Work order:
Give the entries again exactly as they appear, but without the images.

□ □ □

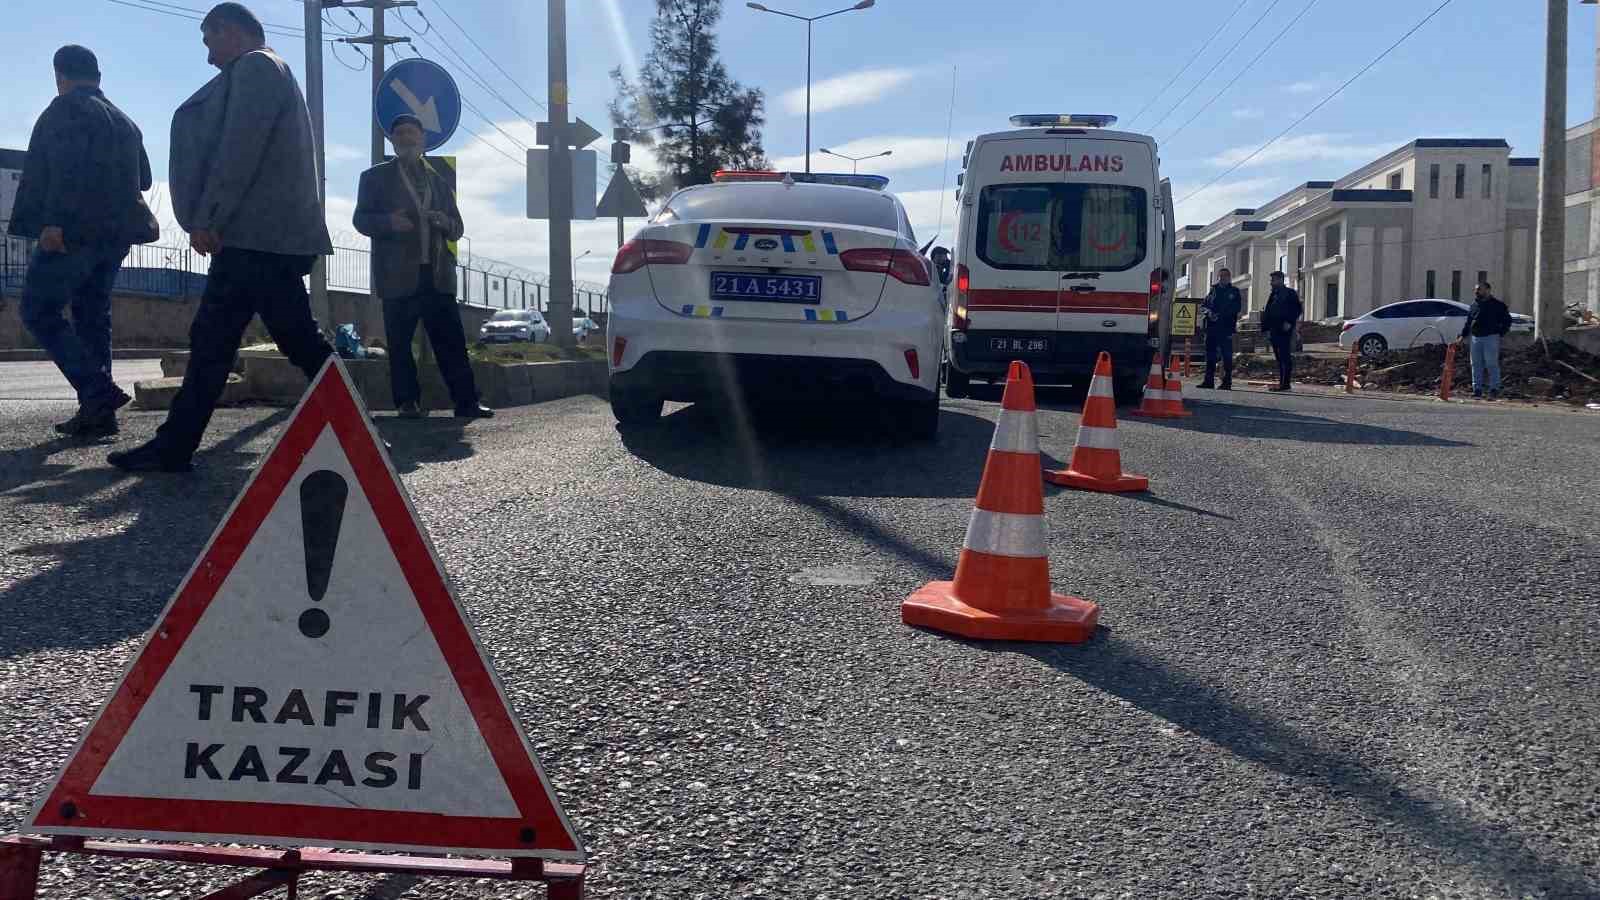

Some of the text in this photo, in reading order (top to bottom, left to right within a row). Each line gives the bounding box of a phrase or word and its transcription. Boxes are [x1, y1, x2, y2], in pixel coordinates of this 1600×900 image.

[1000, 154, 1124, 172] AMBULANS
[1010, 224, 1041, 241] 112
[716, 276, 817, 297] 21 A 5431
[190, 684, 431, 731] TRAFIK
[184, 742, 424, 790] KAZASI

□ □ □

Answer space:
Some of the text in this photo, in reading order (top to bottom, left to right within a row). Each line gives the bounding box of a phrase or word and its transcription. Boxes are [x1, y1, x2, y2], in pixel coordinates of this 1600×900 image.

[1000, 154, 1124, 172] AMBULANS
[1010, 224, 1041, 241] 112
[716, 276, 817, 297] 21 A 5431
[190, 684, 431, 731] TRAFIK
[184, 742, 424, 790] KAZASI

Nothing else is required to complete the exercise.